Every item on the hierarchy panel includes a menu button on the right-hand side. When clicked, a menu pops up underneath the item. It lets you add a subpage, edit the page properties, or delete the page. The menu and its actions are available independently of whether a page has been selected or not, giving you a means to manage pages without losing focus of the selected page.

The hierarchy browser should make every editor’s live a lot easier – have fun!

Improved object selection in the Content Browser

When selecting an object to be displayed by, for example, an image widget, Scrivito’s Content Browser should ideally offer only such objects – images in this case – to the editor. To make this possible, two enhancements were made to Scrivito:

  • You can now specify a specific class or a set of classes for the value of reference and referencelist attributes: When defining such attributes in an object class (using createObjClass or provideObjClass), just set the only property accordingly.
  • To have the Content Browser offer a restricted set of CMS objects, the configureContentBrowser API now lets you define a function for specifying the filters to offer based on the passed-in object class names.

In other words, you can use only to restrict reference and referencelist attributes, and additionally configure the Content Browser to show only selectable objects. This not only works for images but for any kind of CMS objects. For examples, see configureContentBrowser.

Editable rel attribute values

Starting at version 1.4.0 of the Scrivito JS SDK, Link objects support the rel attribute. The value of a rel attribute indicates to search engines how the linked document or resource should be handled, e.g. whether it should be indexed or followed, etc.

For having more control over how your links are processed, rel attribute values can now also be set by editors when changing them via the properties of a page or widget. For this, Scrivito’s built-in link editor has been redesigned to make this new functionality available.

Further improvements and changes

Automatically updating menu extensions

Starting at the previous Scrivito JS SDK version 1.4.0, the top-right menu can be extended using the Scrivito.extendMenu function. The menu, including its extensions, is automatically updated as required after changes to content, for example. Using the new Scrivito.updateMenuExtensions API, you can now also have the menu updated depending on external factors such as the result of a web service call.

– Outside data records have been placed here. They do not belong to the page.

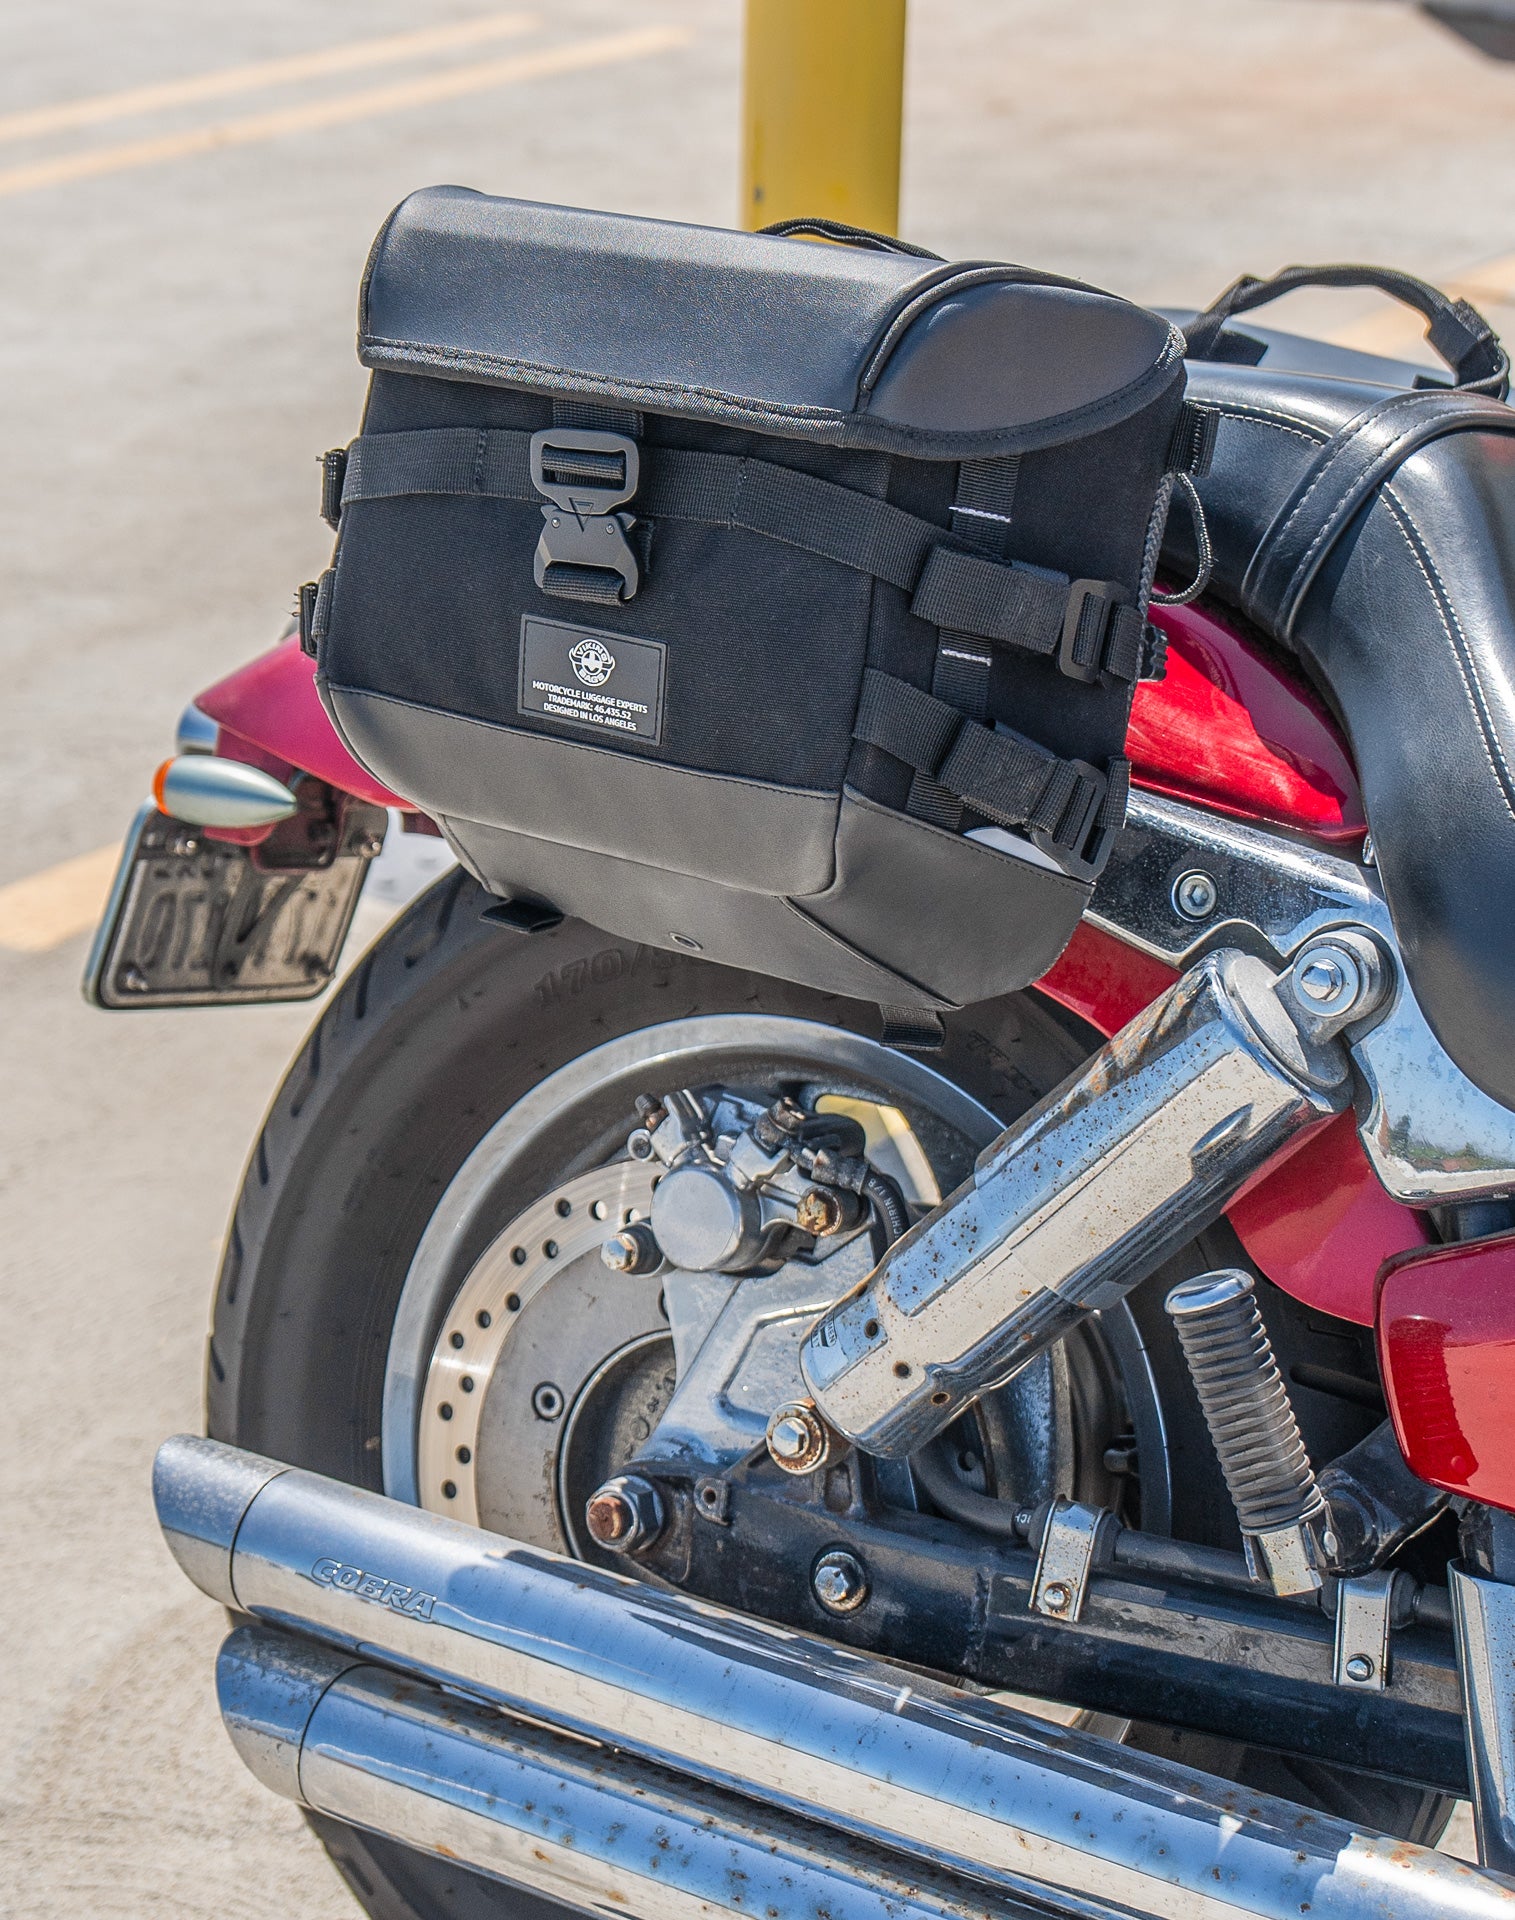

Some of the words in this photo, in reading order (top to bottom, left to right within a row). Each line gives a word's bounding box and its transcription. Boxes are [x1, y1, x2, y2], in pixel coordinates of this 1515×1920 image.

[576, 642, 608, 662] VIKING
[578, 669, 605, 683] BAGS
[532, 681, 581, 698] MOTORCYCLE
[581, 691, 616, 706] LUGGAGE
[616, 700, 648, 714] EXPERTS
[548, 693, 594, 711] TRADEMARK:
[594, 704, 632, 720] 46.435.52
[543, 703, 579, 718] DESIGNED
[579, 710, 588, 720] IN
[588, 713, 604, 724] LOS
[604, 717, 637, 731] ANGELES
[311, 1557, 437, 1619] COBRA

Selectively disabling in-place editing

The Scrivito SDK now allows developers to conditionally disable in-place editing for any section of a website, page, or widget. This comes in handy in situations where in-place editing gets in the way, or better editing options exist like with

  • an overview widget, a snippet, or search results,
  • a linked widget (e.g. an image) whose link should also work if in-place editing is active, or
  • content for which special editing functionality has been made available, e.g. in the properties view.

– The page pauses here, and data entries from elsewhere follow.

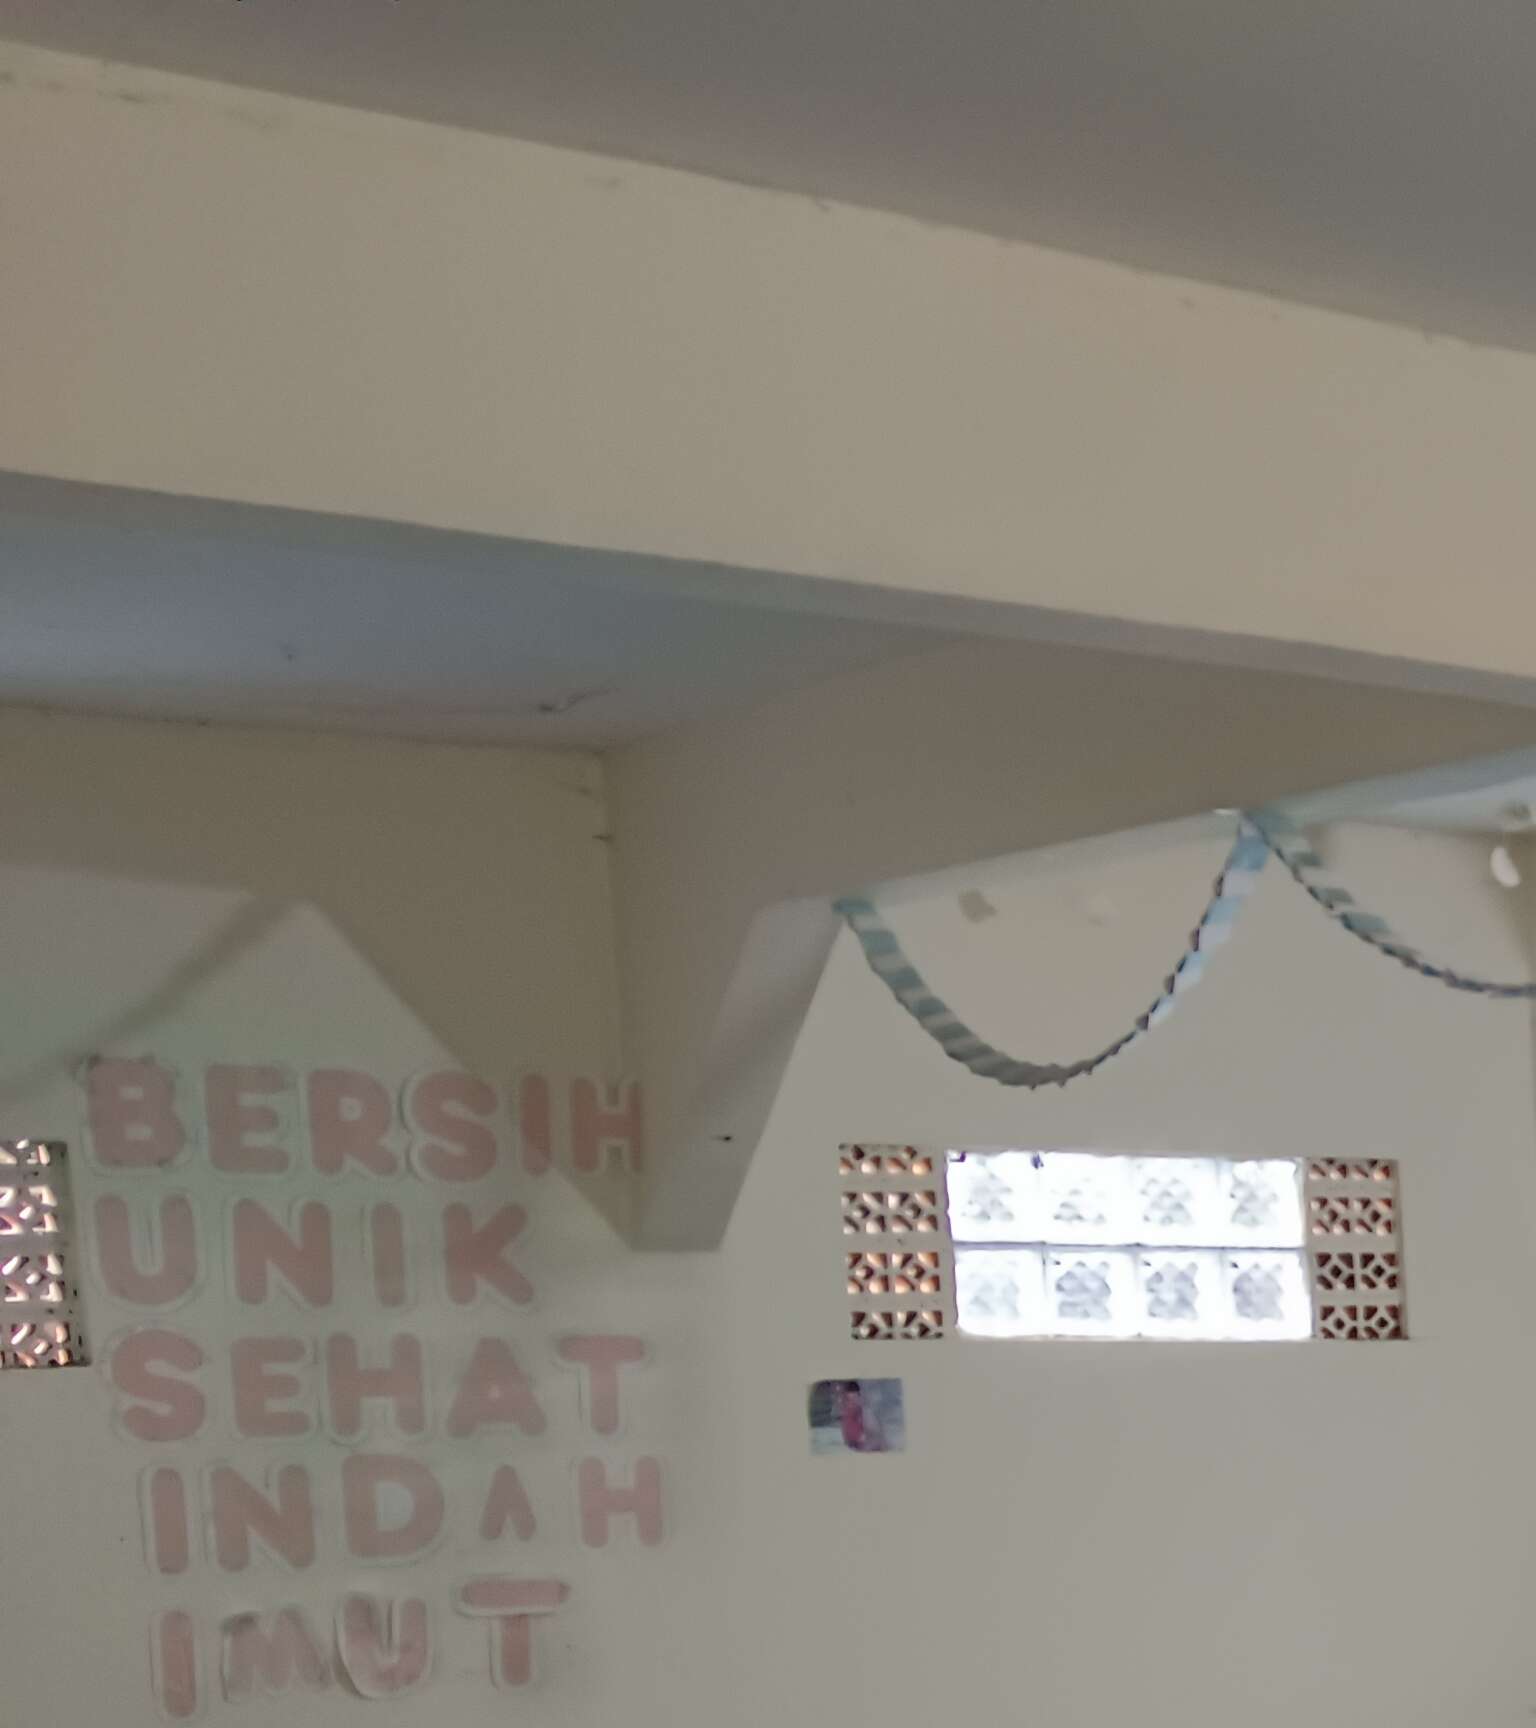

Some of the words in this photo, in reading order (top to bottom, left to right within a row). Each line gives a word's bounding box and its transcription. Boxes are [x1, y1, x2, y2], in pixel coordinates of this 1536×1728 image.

[85, 1055, 644, 1183] BERSIH
[94, 1194, 537, 1308] UNIK
[110, 1328, 646, 1443] SEHAT
[149, 1453, 666, 1576] INDAH
[154, 1578, 572, 1719] IMUT

This feature is brought to you as two components, Scrivito.InPlaceEditingOff and Scrivito.RestoreInplaceEditing. The latter is for reenabling in-place editing for content further down in the component hierarchy, e.g. for the contents of a column widget to which Scrivito.InPlaceEditingOff gets applied in order to prevent its structure from being altered.

Improved performance with image loading 

For improved performance, binaries are now requested in batches, reducing the number of requests needed to serve multiple images.

Bugfixes

  • To enable npm install to detect and complain about an incompatible react version, the scrivito npm package now has two peer dependencies, react and react-dom. Previously, react and react-dom were plain dependencies.
  • Attribute definitions in which the type alone was specified using an array are now rejected. For example,
    … { attributes: { scale: ["float"], ...}} is no longer accepted now and needs to be replaced with
    … { attributes: { scale: "float", ... }}
  • A preview issue of the Scrivito.Link component has been resolved: Links to binary objects and external URLs now also work correctly if set to open in a new tab.